He has managed to get shelterd accommodation he has his own flat within a complex.
Since moving in last year he has under gone a number if assessments another which is due in december 2018.
I will be wanting answers as i feel we are getting no where
The place where he is staying think he has dementia as i also feel he has
He is not eating correctly and has had 2 showers in 12 months .
He changes his clothing very regular i have started cleaning his flat he does the hooving but i personally no its not done very well.
I am concidering moving him to a nursing home but would have to be a council run due to costs
This way he wont have to worry about cleaning or cooking
He seems to spend money like its going out of fashion
I am also thinking of taking power of attorney
Is there anyobe that has had to do this and how would i go about it please
Sorry to rant on
Any help would be gratfull
Thankyou
First step is a visit from Social Services to do a Needs Assessment.
Interesting that he is in a sheltered housing complex, places are usually difficult to obtain.

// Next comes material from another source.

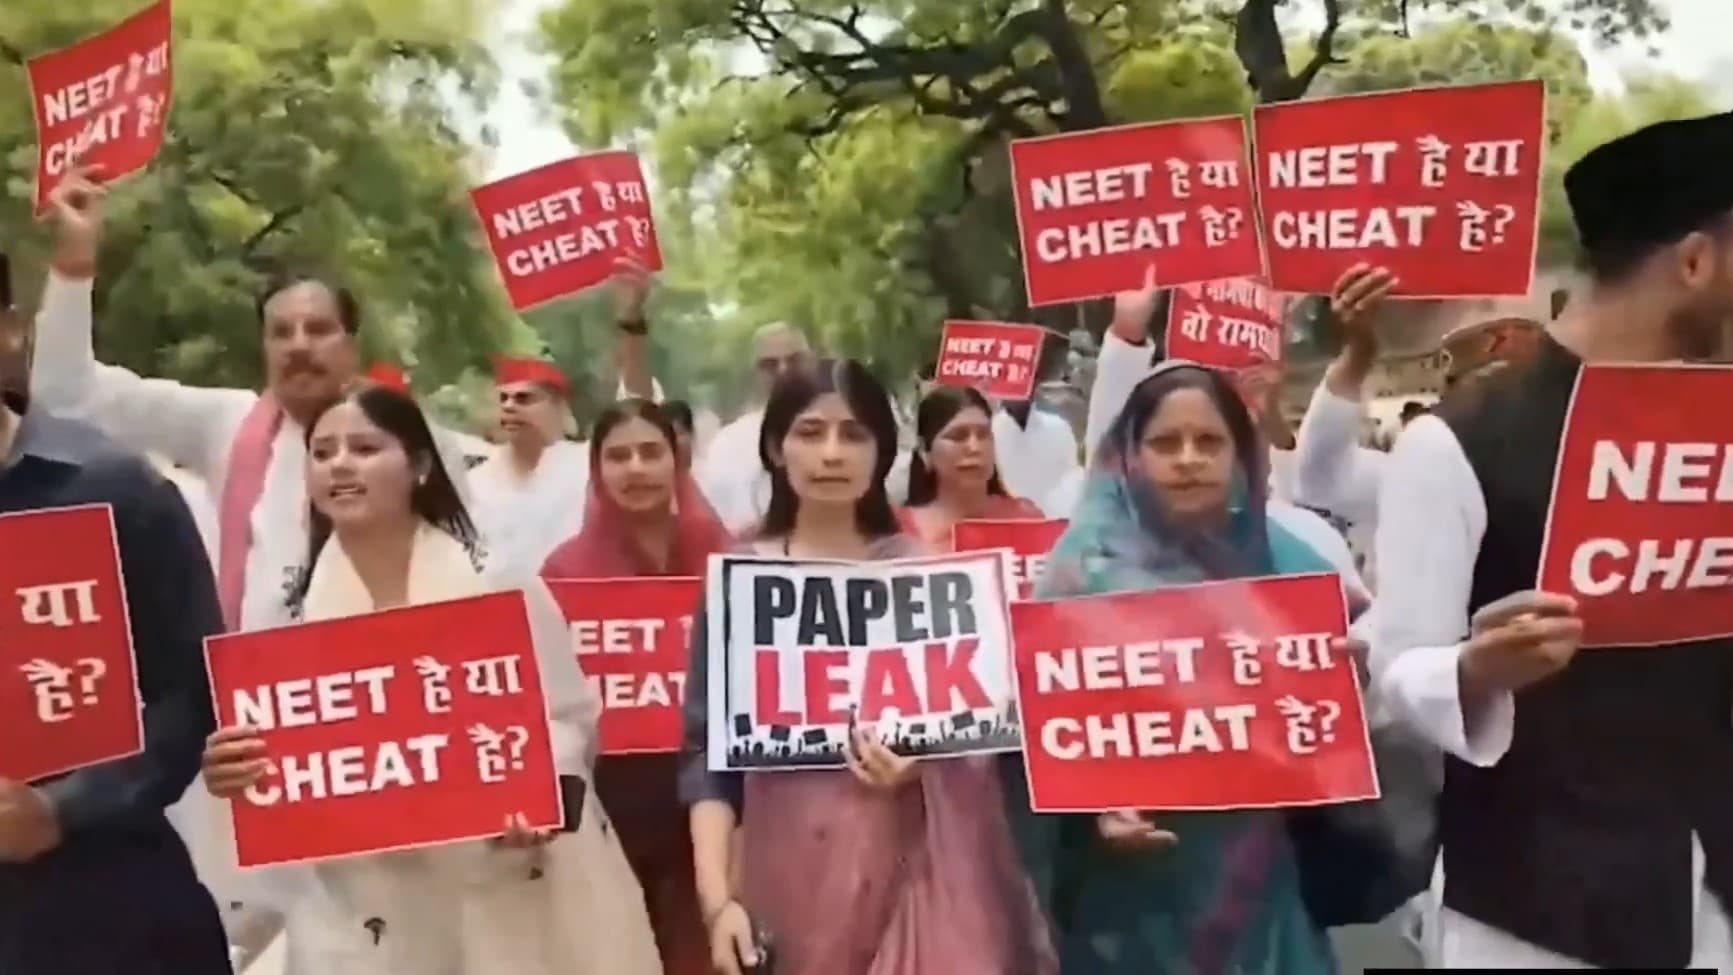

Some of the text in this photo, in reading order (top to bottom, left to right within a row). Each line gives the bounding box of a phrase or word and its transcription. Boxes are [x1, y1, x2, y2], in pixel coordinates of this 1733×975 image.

Was he already disabled?
Hmm, you can't really throw someone out of a house unless they leave voluntarily (or you change the locks).

Is he divorcing her, she him? Where is he getting his money from?

Maybe his erratic behaviour is dementia, maybe it is a form of mental illness in some way.

Care home fees are paid by the council when someone is down to £23,500 (they START to pay then, as in some of the fees, but won't pay them all till the person is down to £14k). So, if the house he lived in with his wife was co-owned by them, then his half (whether divorced or not) would be expected to be used to pay his fees at the care home till he is down to that £23,500 level.

The council may put a charge on the house - BUT, if his wife / ex wife is over 60, they may have to leave the house alone, whether he co-owns it or not.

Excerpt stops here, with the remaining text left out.